I was successful in school because I am smart and determined. But college hadn’t prepared me for reality after graduation, where I soon realized it was not the lifelong job for me. I had no time for the politics and catty environment I discovered myself in.
The only reason I had even become a nurse was it was one of the two careers my father had recognized as suitable for a woman who failed to secure a position as a wife and mother—teacher or nurse. I had chosen nursing over a room full of screaming children.
In hindsight, I could have skipped being a nurse, left my small town, somehow eked out an existence and made my own choices. It’s easy to think women can just up and leave if they find themselves somewhere they don’t want to be. But there are so many reasons that often can’t happen.
For me, I had nothing and no one else to turn to for support. So, I played the role of the dutiful daughter, knowing as soon as I finished college, I could get the hell out of there.
But much to my father’s never-ending disappointment in me, for many, many reasons, I left a supremely acceptable career for a woman in my town and instead pursued my passion, Grimm. Needless to say, owning an oddities shop is so far out of the realm of acceptance I might as well have declared myself the Queen of England.
I’d love a good tiara. Would go fabulously with these boots, I think, as I prop my tall Docs up on the counter to admire them more closely. Playfully wiggling my feet side to side as I contemplate my life’s decisions and whether or not I could really pull off a tiara, I promptly fall backward off the stool.
I lay on the floor for a minute, stunned, taking inventory of any damage I may have sustained in my fall. Luckily, I missed Van Helsing and the vintage anatomy charts that hang behind the counter, instead, landing on the anti-fatigue mat I have for standing at the register.
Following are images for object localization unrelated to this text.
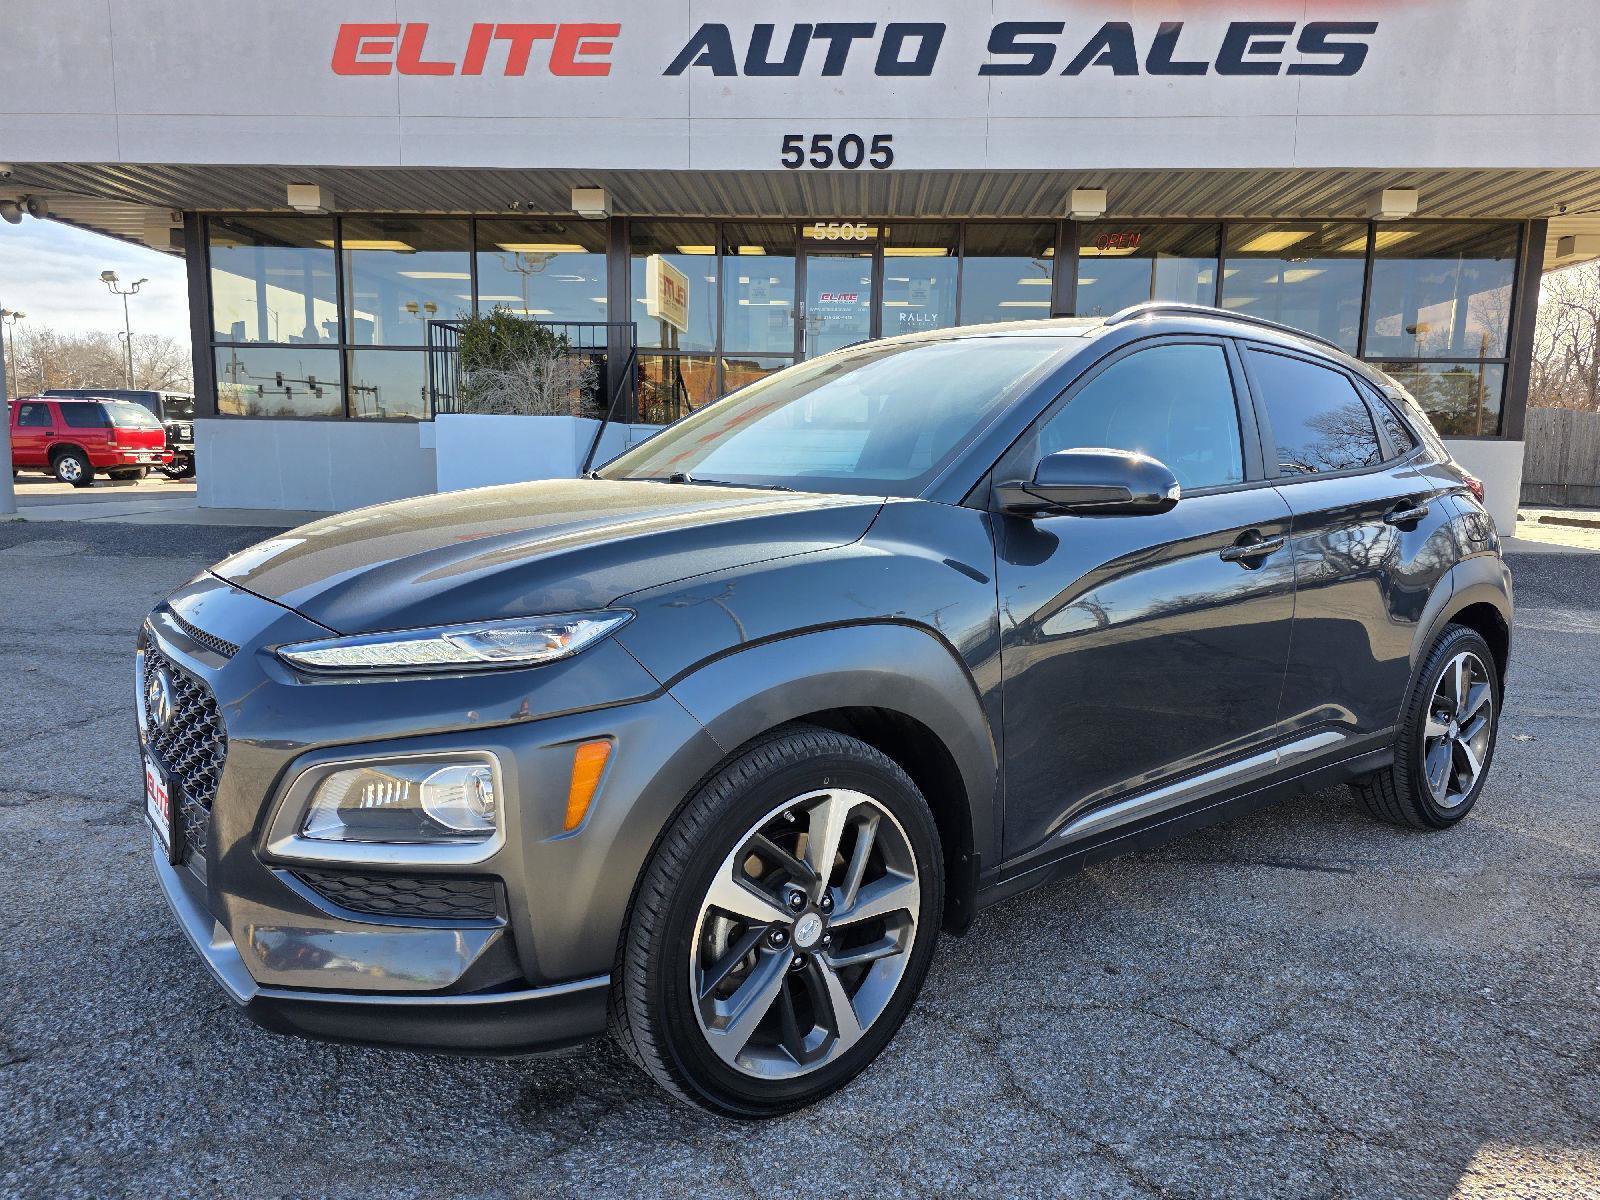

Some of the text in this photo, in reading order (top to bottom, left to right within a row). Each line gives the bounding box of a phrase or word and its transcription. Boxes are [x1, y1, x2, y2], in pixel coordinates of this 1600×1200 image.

[331, 21, 1379, 76] ELITE AUTO SALES
[781, 133, 894, 169] 5505
[813, 222, 868, 240] 5505
[1096, 231, 1142, 250] OPEN
[820, 292, 859, 302] ELITE
[899, 312, 938, 322] RALLY
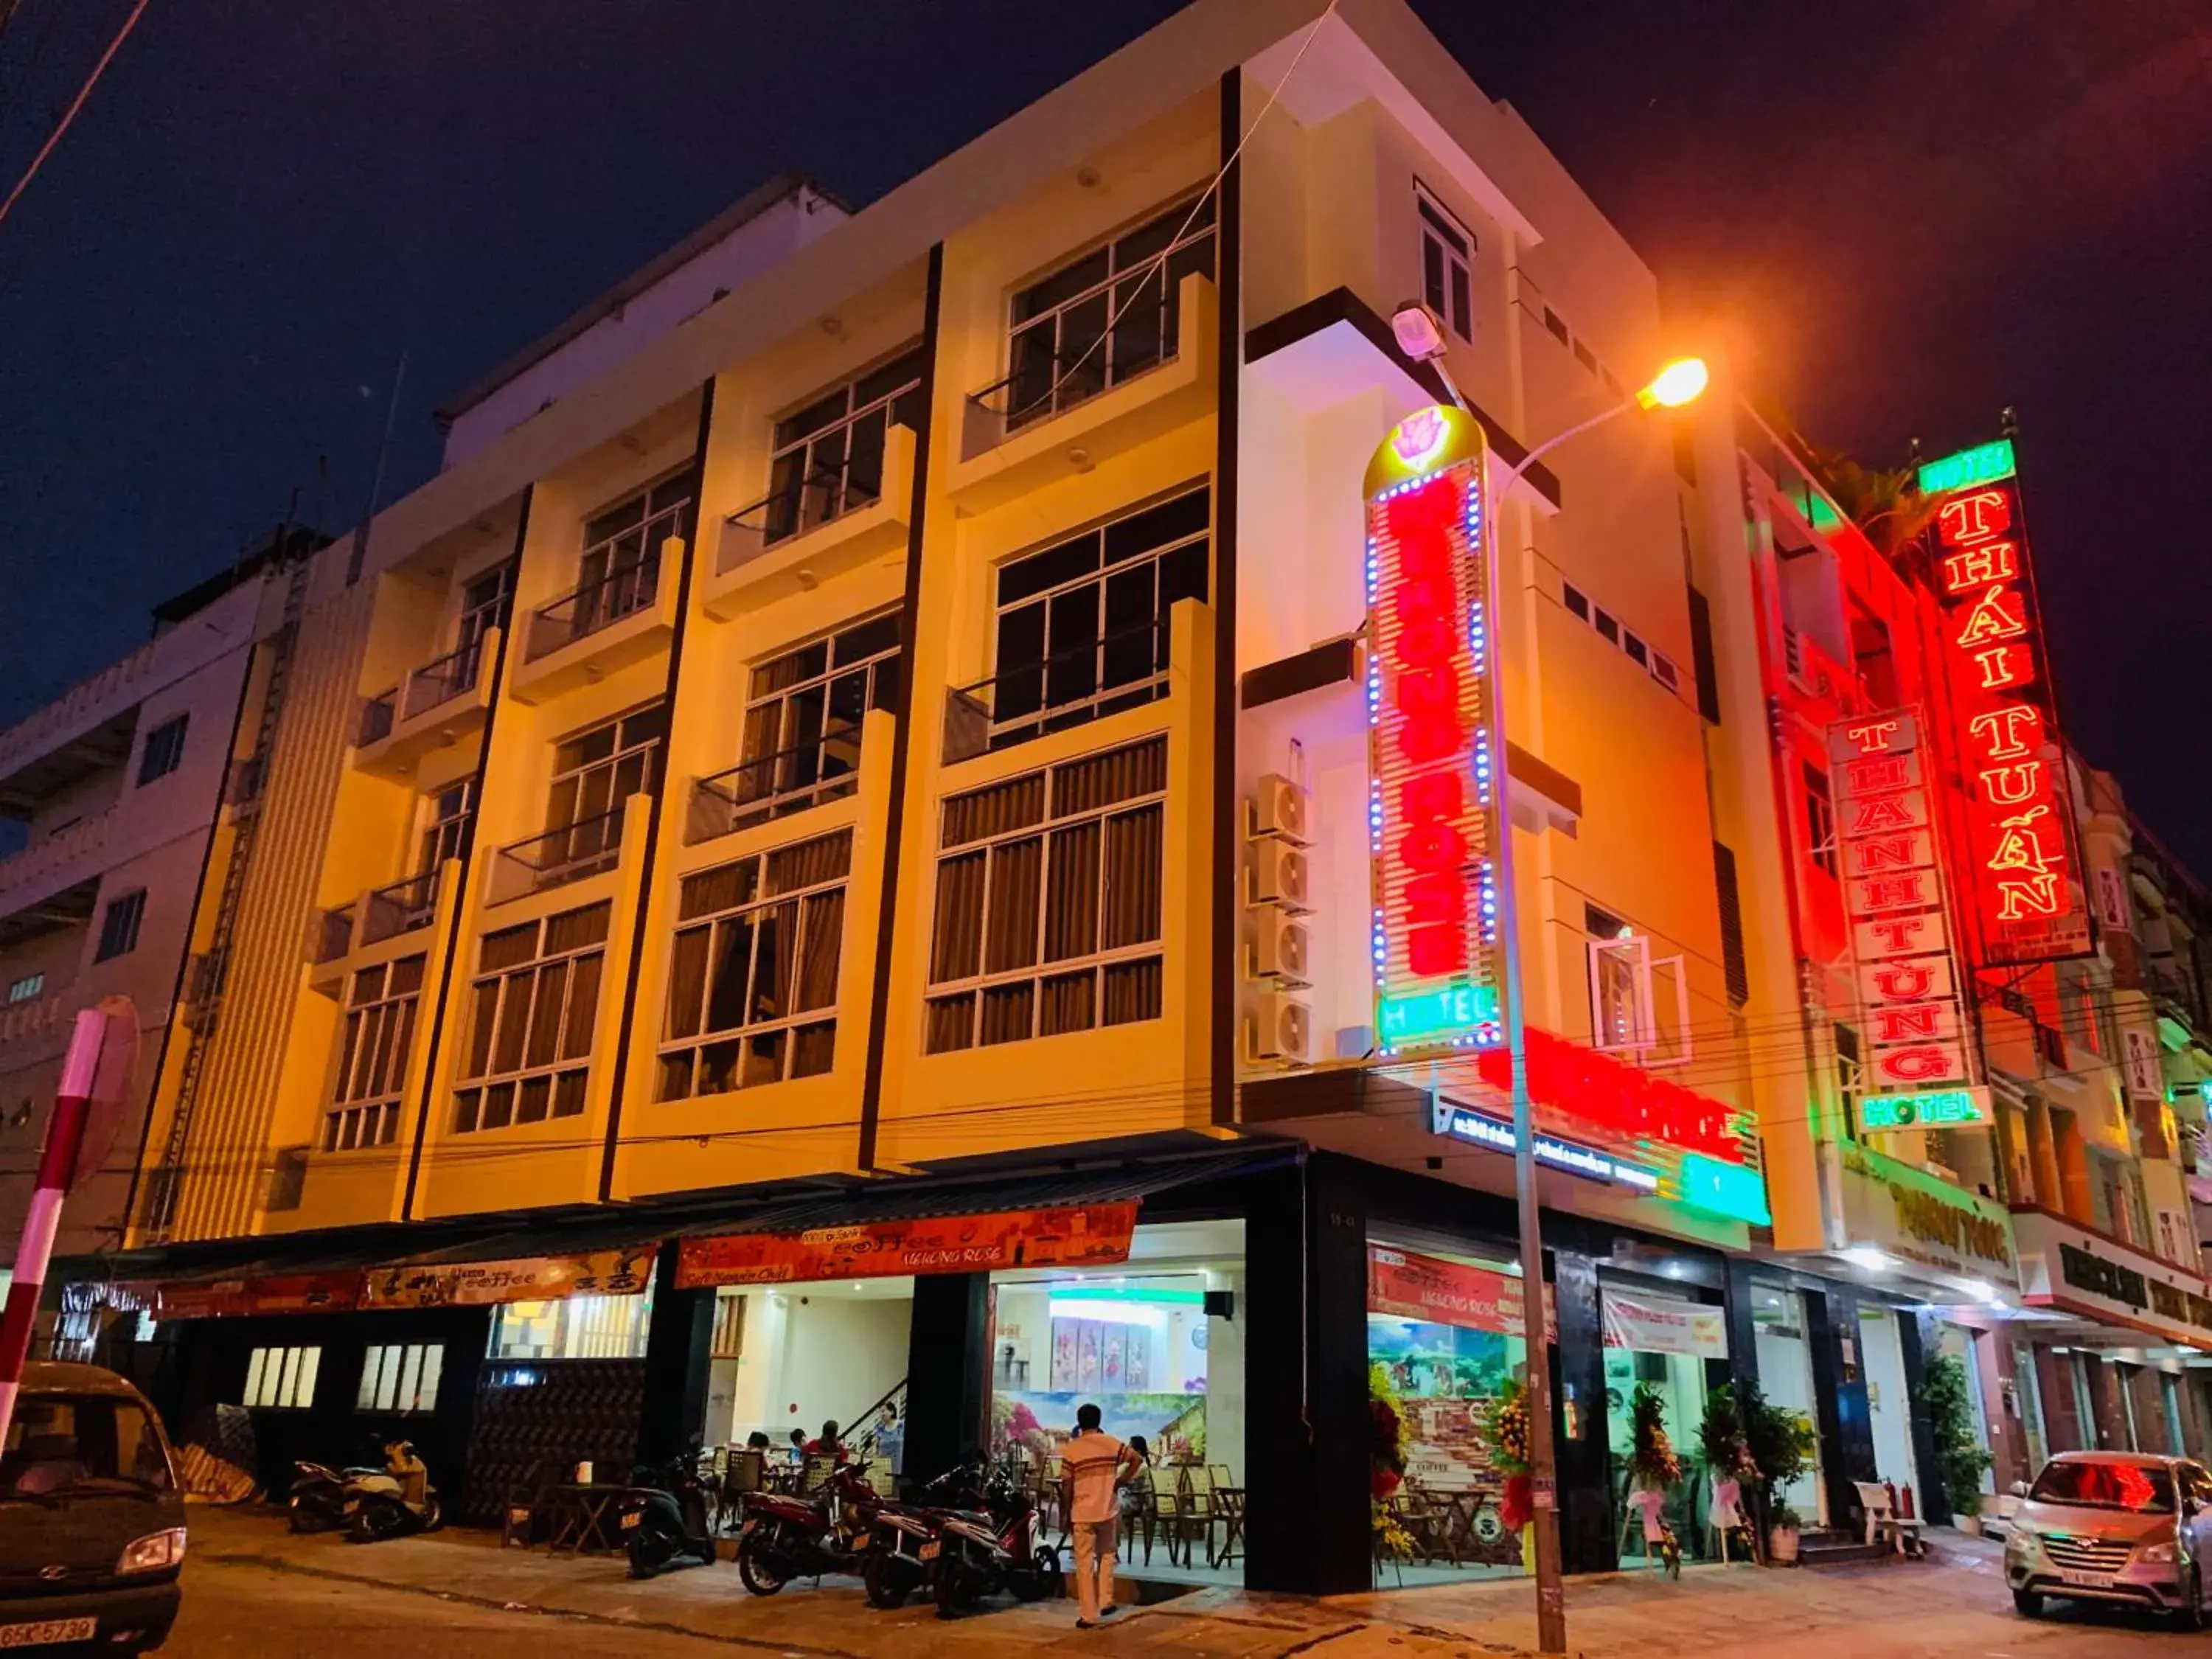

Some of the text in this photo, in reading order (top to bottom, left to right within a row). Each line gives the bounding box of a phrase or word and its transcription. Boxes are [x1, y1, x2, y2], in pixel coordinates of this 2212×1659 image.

[1849, 720, 1952, 1082] THANH TÙNG
[1384, 989, 1488, 1031] HTEL
[1863, 1091, 1983, 1127] HOTEL
“What a damn day!” I groan.
I look up at Van Helsing from my place on the ground to see him staring back at me with sightless eyes. I wish I had Jo here with me already. Although, chaos magnet that she is, I probably would have pulled out a cord when I fell and somehow caught the building on fire only for her to fall in love with a firefighter.
I roll to my side and cautiously come to a sitting position while scolding myself for my daydreaming that caused the fall. Grabbing the rungs of the stool, I haul myself up, graceful as ever.
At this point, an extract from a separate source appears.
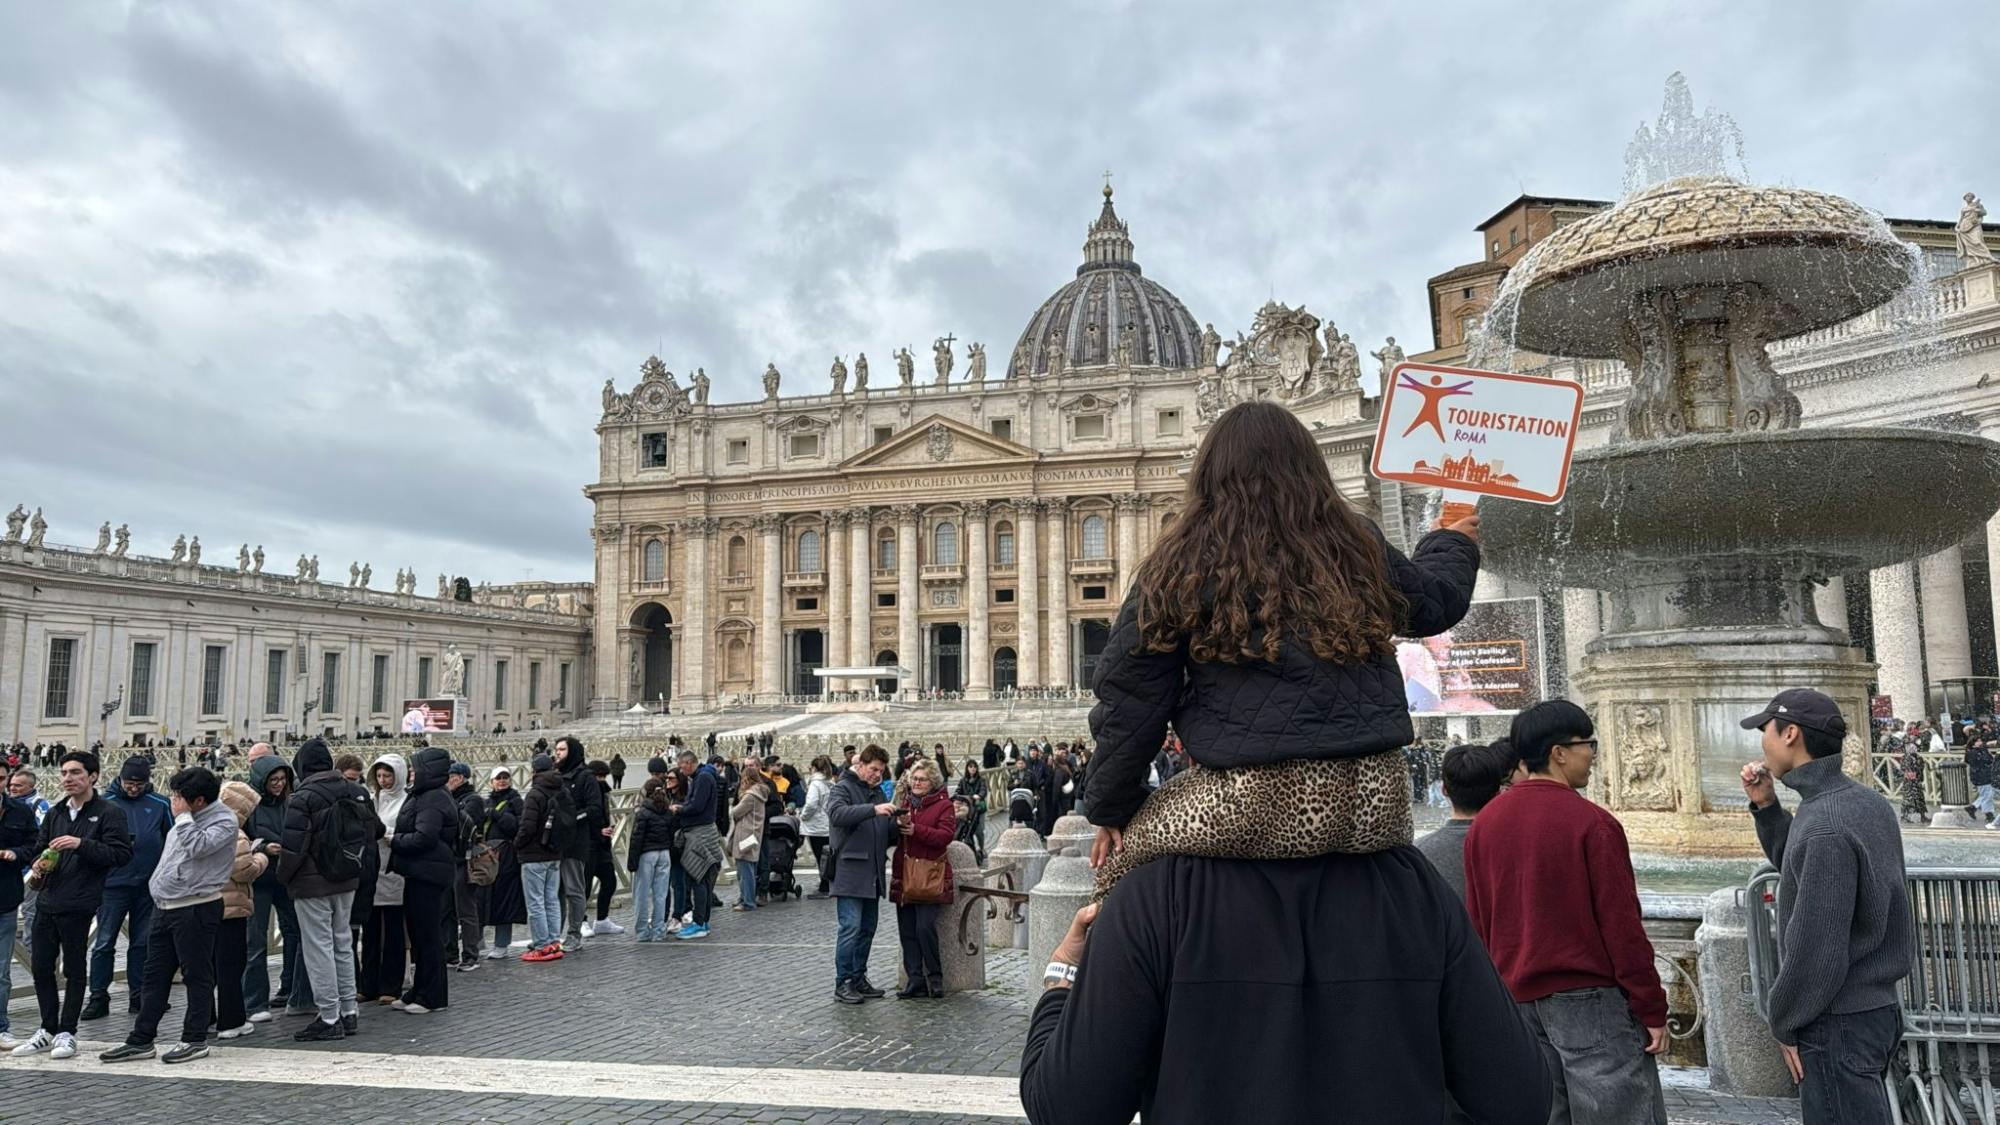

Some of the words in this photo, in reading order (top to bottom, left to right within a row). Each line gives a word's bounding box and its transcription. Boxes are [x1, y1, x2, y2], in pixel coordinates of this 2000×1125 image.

Lucifer takes that moment to jump down from his perch and stalk over to me. He sits down and studies me judgmentally, clearly wondering why on earth I disturbed his royal slumber. I can almost see his eyebrow raised in disdain. For as much as he dislikes me, I’m not quite sure why he sticks around.
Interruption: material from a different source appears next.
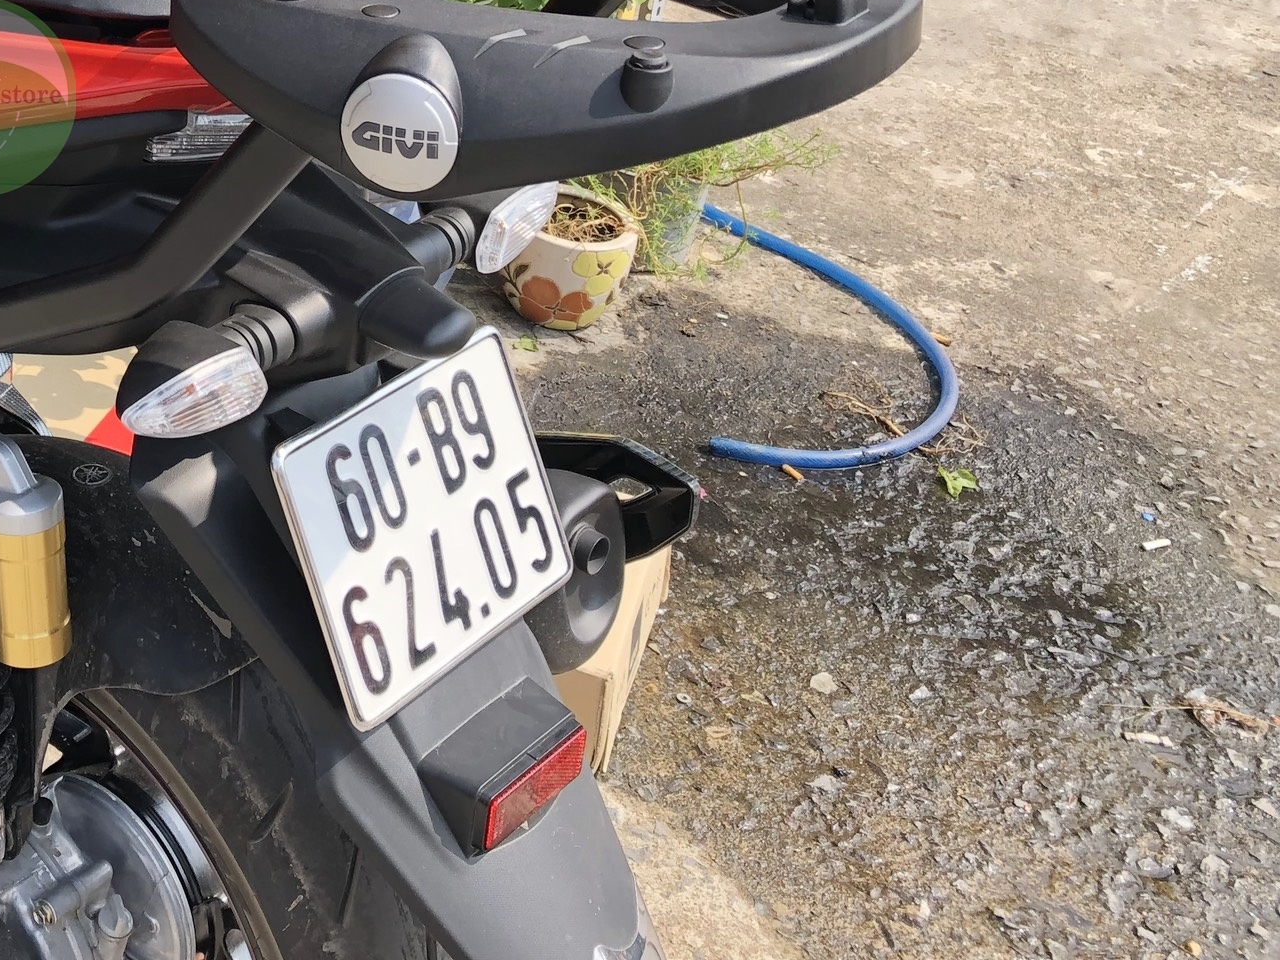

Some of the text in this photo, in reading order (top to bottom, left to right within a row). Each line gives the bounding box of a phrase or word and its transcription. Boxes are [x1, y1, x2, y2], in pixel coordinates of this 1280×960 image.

[351, 121, 439, 160] GIVI
[324, 369, 497, 553] 60-B9
[341, 467, 554, 696] 624.05
I feel a little dizzy. The morning’s events and low blood sugar coalescing into mild disorientation. No longer able to put off eating, I make my way back to my small kitchen to reheat my leftover crab cake.
I fill Lucifer’s dish with exorbitantly expensive stinky wet food, the only cat food he will eat. I assume he eats mice or something when he disappears from time to time, but here at home, only the best for his majesty.
I grab a seltzer while I wait for the toaster oven, the fizz dancing on my tongue and tickling my nose, clearing some of the fog from my fall. Sussing out the mystery of the disembodied voice from this morning occupies my mind until, at last, the ding of the oven informs me lunch is ready. I pick up my lunch and drink, heading back out to the shop.
Drink and paper plate in hand, I go to sit down when the same exotic voice from earlier again startles me. I whirl around to face the speaker, determined to catch him this time.
“Hello again,” he says with a trace of an accent and a slow cadence. The voice feels ancient, is the only way to describe it. It stirs thoughts of castles, shadowy forests, and leaves in the wind. An image of wolves racing through ancient trees flashes in my mind.
Visceral.
Dark.
Dangerous.
My eyes lift to his amber ones and the hair on my body rises like being too close to a lightning strike. I can almost smell the petrichor and ozone of an incoming storm.